Peneliti senior dari Sajogyo Institute, Eko Cahyono, memandang program pangan yang saat ini dikejar pemerintah masih terfokus pada pendekatan ketahanan dan kemandirian pangan. Imbasnya, pemerintah mengabaikan konsep kedaulatan pangan yang lebih menitikberatkan diversifikasi pangan dan budaya pertanian lokal yang beragam di masyarakat Indonesia. Tak mengherankan jika pemerintah sering menemui kegagalan karena bertindak 'sok tahu’ dan meminggirkan petani sebagai subjek utama penggerak pertanian.
Eko menilai, dalam paradigma politik pangan dan pembangunan, kebijakan Prabowo sama saja dengan era Jokowi. Pendekatan yang digunakan masih serupa: ketahanan pangan. Hal ini dikhawatirkan membuat Prabowo mengulang kegagalan pemerintahan Jokowi.
“Itu persis sama. Yang penting ada pangan, terserah mau dari industri, mau dari impor, mau dari cetak sawah besar-besaran, tapi di industri skala besar yang di-lead oleh negara dan swasta nanti dikasihkan dan itu untuk memenuhi kebutuhan pangan,” jelas Eko.
Pendekatan itu, kata Eko, membuat program pangan Prabowo seperti salin rupa food estate era Jokowi. Keduanya dinilai Eko melanggengkan kebijakan korporatokrasi. Kebijakan politik pangan itu membuat pemerintah lebih berpihak kepada korporasi, alih-alih menyejahterakan petani dan masyarakat adat yang mengelola pertanian.

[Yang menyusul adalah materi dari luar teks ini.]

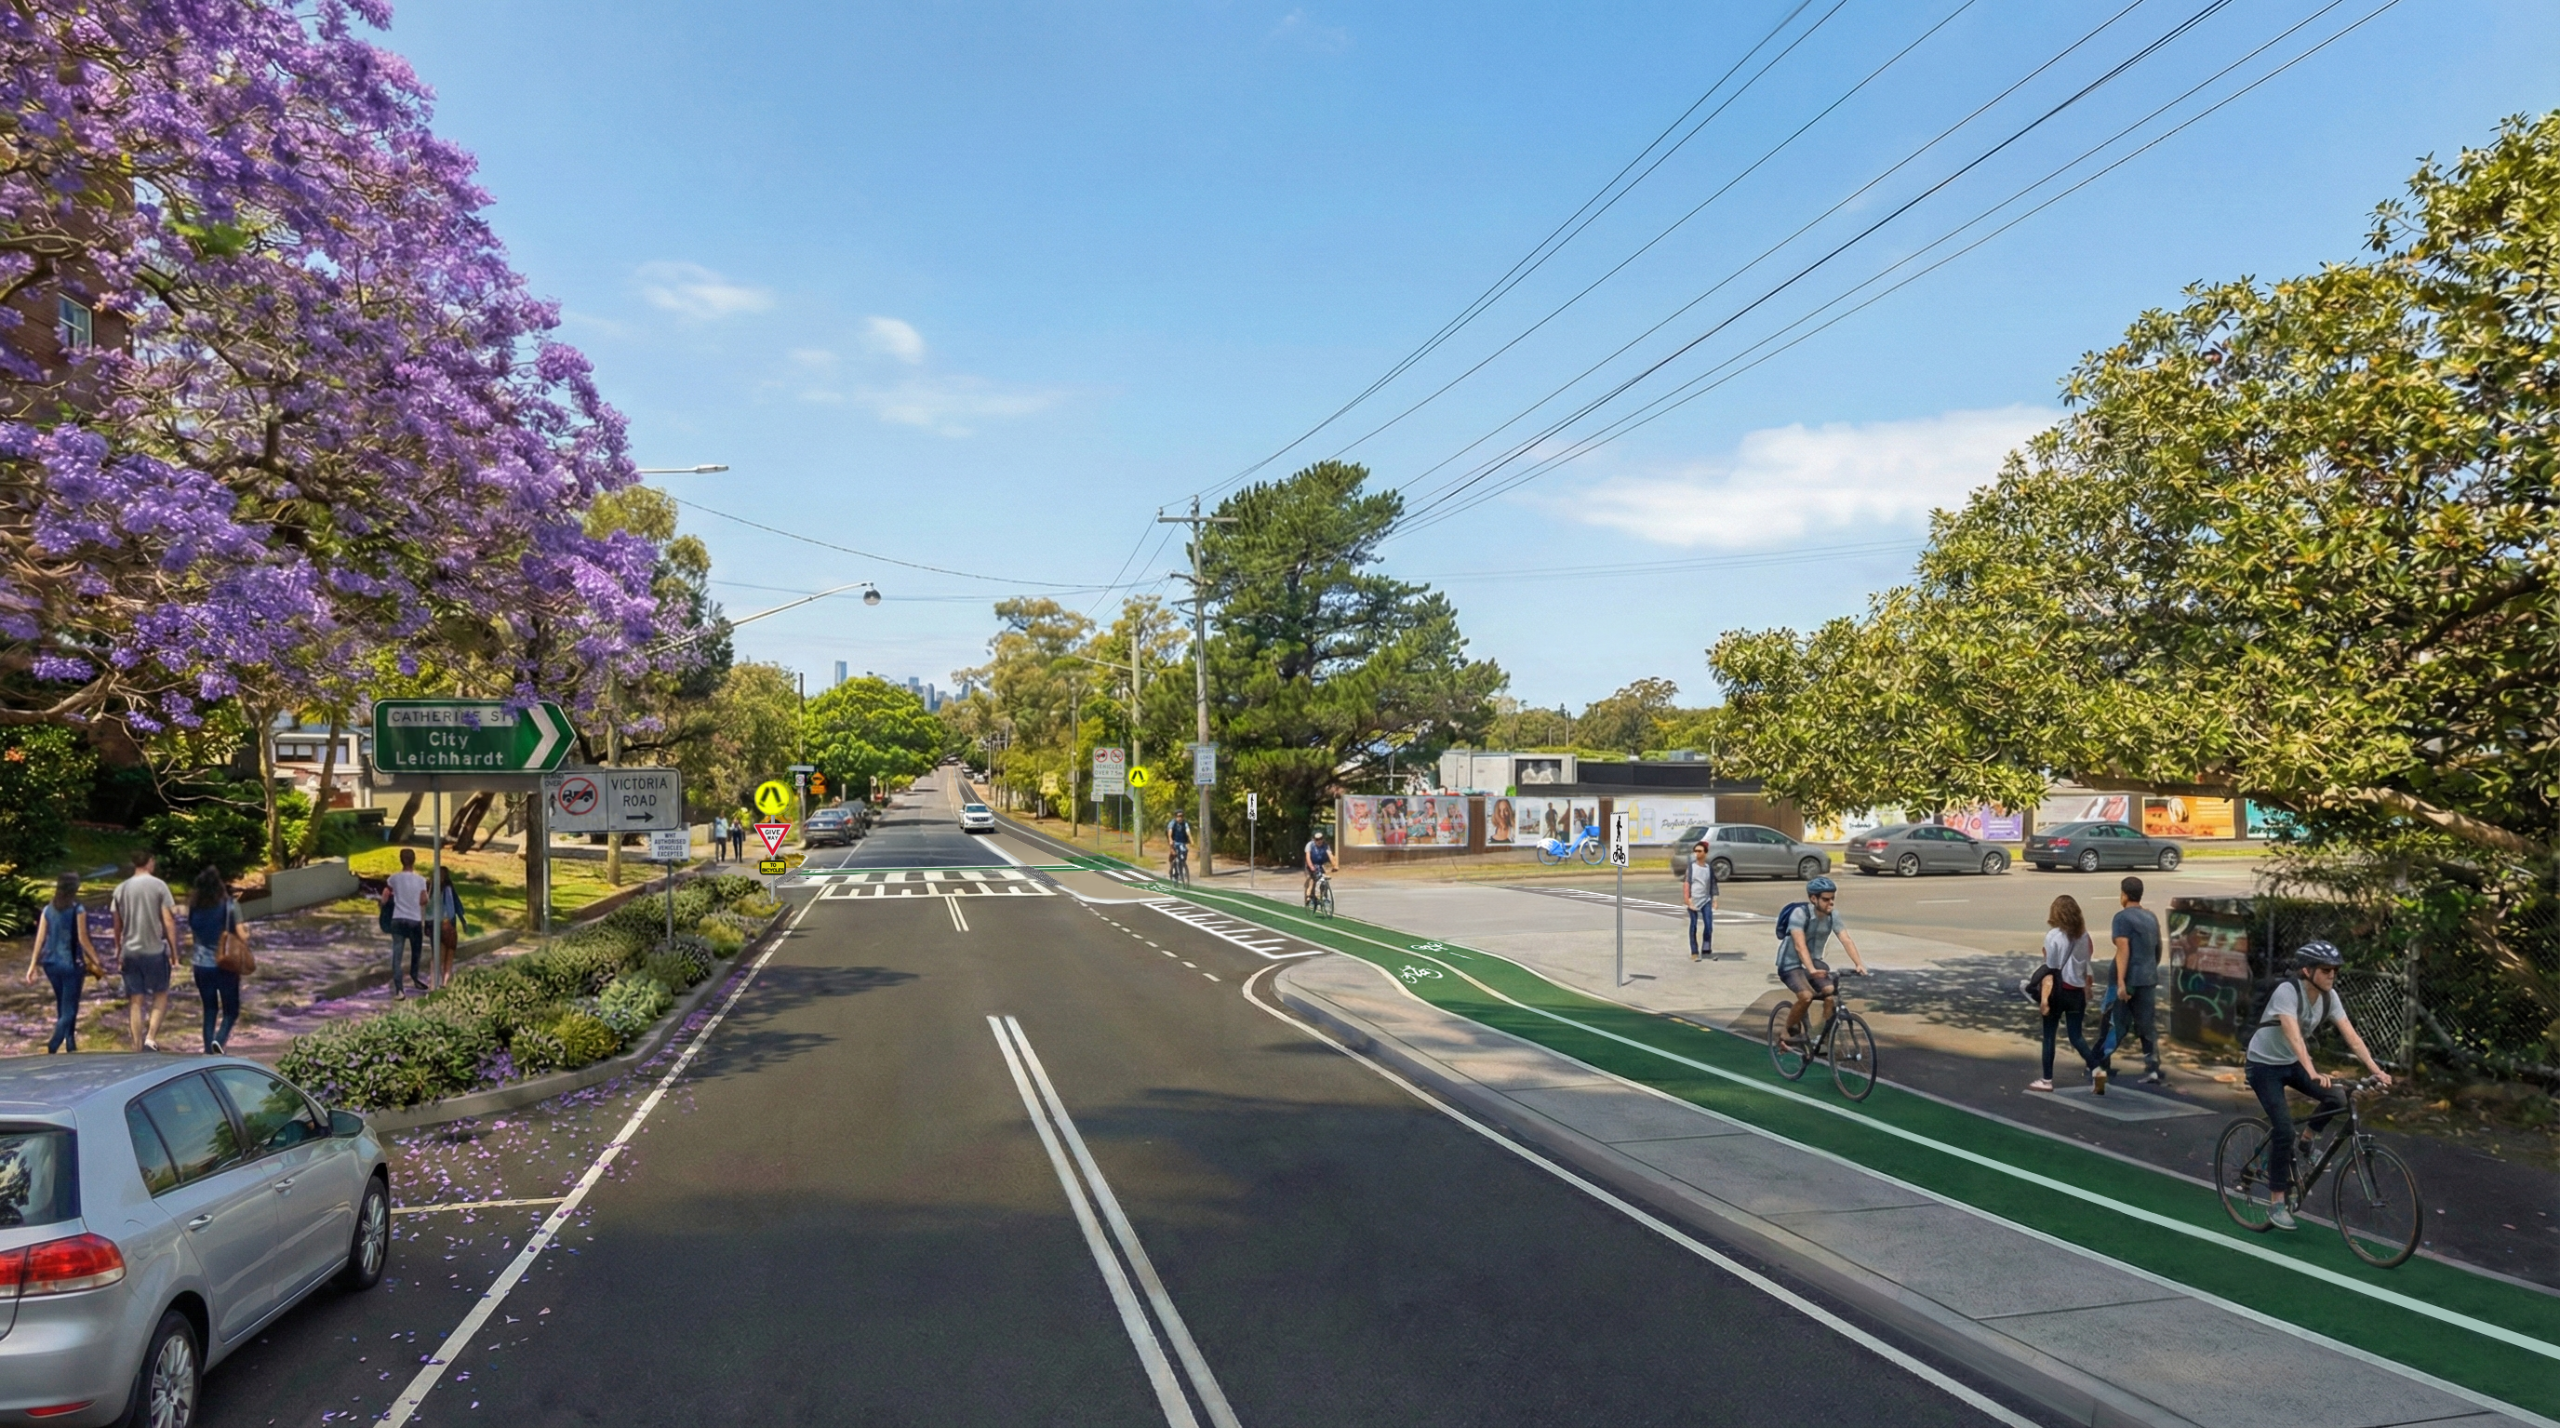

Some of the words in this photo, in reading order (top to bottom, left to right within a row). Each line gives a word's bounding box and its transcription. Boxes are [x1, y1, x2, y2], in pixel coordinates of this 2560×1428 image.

[392, 711, 481, 722] CATHERIE
[429, 732, 469, 749] City
[396, 752, 503, 765] Leichhardt
[611, 777, 668, 790] VICTORIA
[623, 794, 657, 807] ROAD
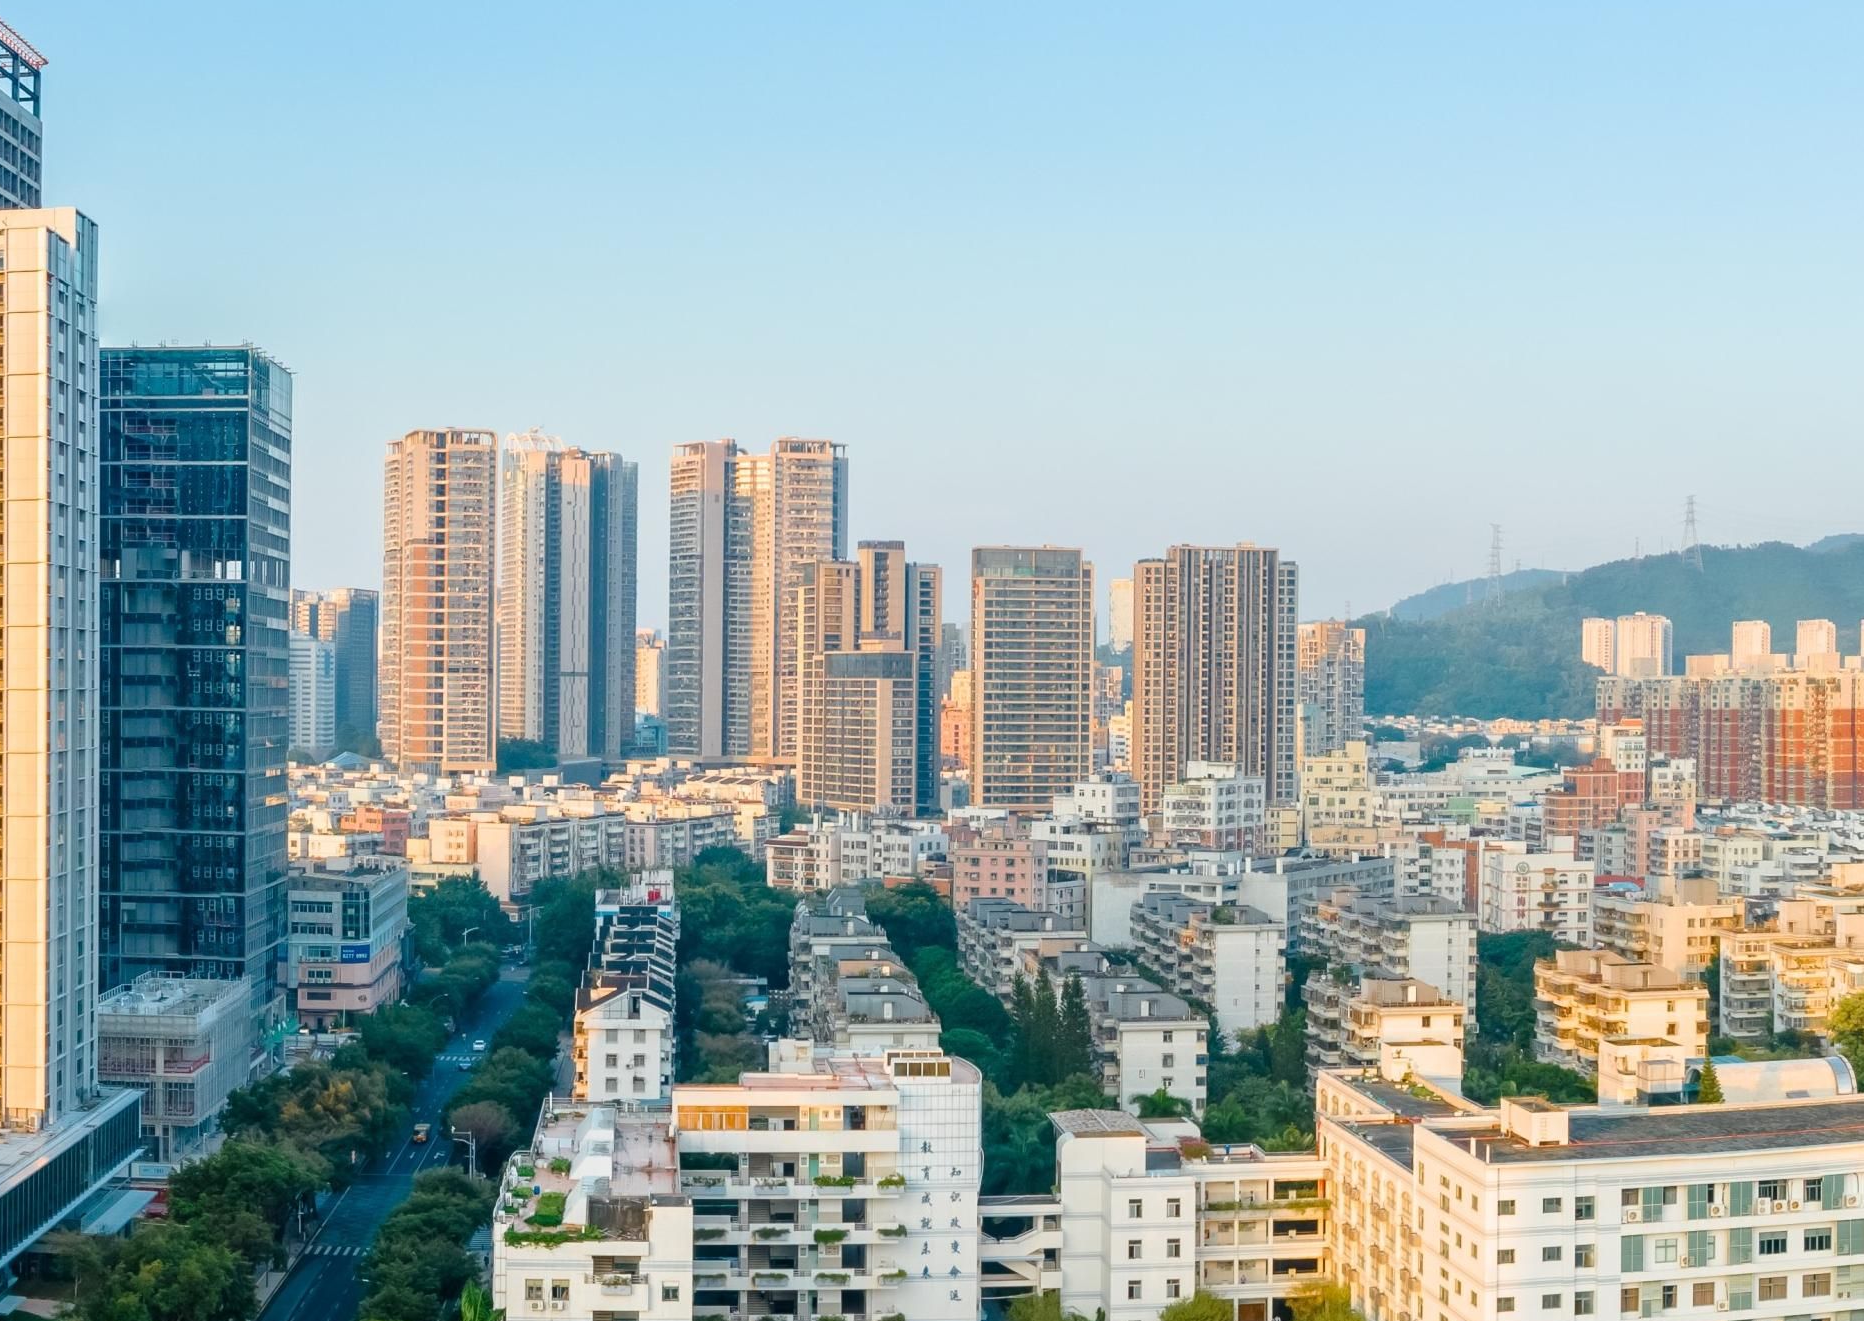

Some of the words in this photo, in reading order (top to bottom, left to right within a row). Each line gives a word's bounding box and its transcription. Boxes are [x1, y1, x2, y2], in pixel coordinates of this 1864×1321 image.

Upaya cetak sawah 3 juta hektar di luar pulau Jawa juga dinilai Eko tidak memiliki basis alasan yang kuat. Apabila persoalan utamanya adalah lahan dan sawah di Jawa yang menghilang, seharusnya yang dilakukan adalah optimalisasi lahan atau intensifikasi secara efektif, bukan mencetak lahan baru.
Pemerintah seharusnya berkomitmen melindungi lahan sawah tersisa dari gempuran konversi. Cara lain yang bisa dilakukan adalah menjalankan amanat reforma agraria yang hingga saat ini berjalan tanpa tujuan jelas. Bukan justru merampas tanah-tanah milik rakyat atas dalih kepemilikan negara dan skema politik pangan yang menyengsarakan petani.
“Pertanyaan pertamanya itu [cetak] sawahnya siapa? Tanah siapa? Karena kasus yang lain di food estate tempat lain itu perkara konflik tanahnya. Belum lagi basis argumennya, basis argumennya pemerintah adalah seperti tadi itu, legal but not legitimate,” sambung Eko.
Ketua Task Force Cetak Sawah Kementan, Husnain, memastikan program di era pemerintahan Prabowo tak akan mengulang kegagalan sebelumnya. Menurutnya, cetak sawah dan optimalisasi lahan akan lebih melibatkan petani lokal dalam proses pengambilan keputusan dan pelaksanaan program.
Selain itu, didukung penggunaan teknologi yang lebih maju untuk meningkatkan efisiensi dan produktivitas pertanian. Husnain percaya optimalisasi lahan yang sudah eksisting juga meningkatkan indeks pertanaman dan produktivitas. Dengan begitu, swasembada pangan diyakini bisa tercapai pada 2027.
“Optimalisasi lahan [juga] tersebar di semua provinsi yang ada LBS rawa, melalui perbaikan infrastruktur khususnya pengairan dan bantuan olah tanah serta alsin,” kata Husnain.
**Tulisan ini merupakan bagian dari Beasiswa Liputan AJI Indonesia dengan topik 100 Hari Prabowo-Gibran.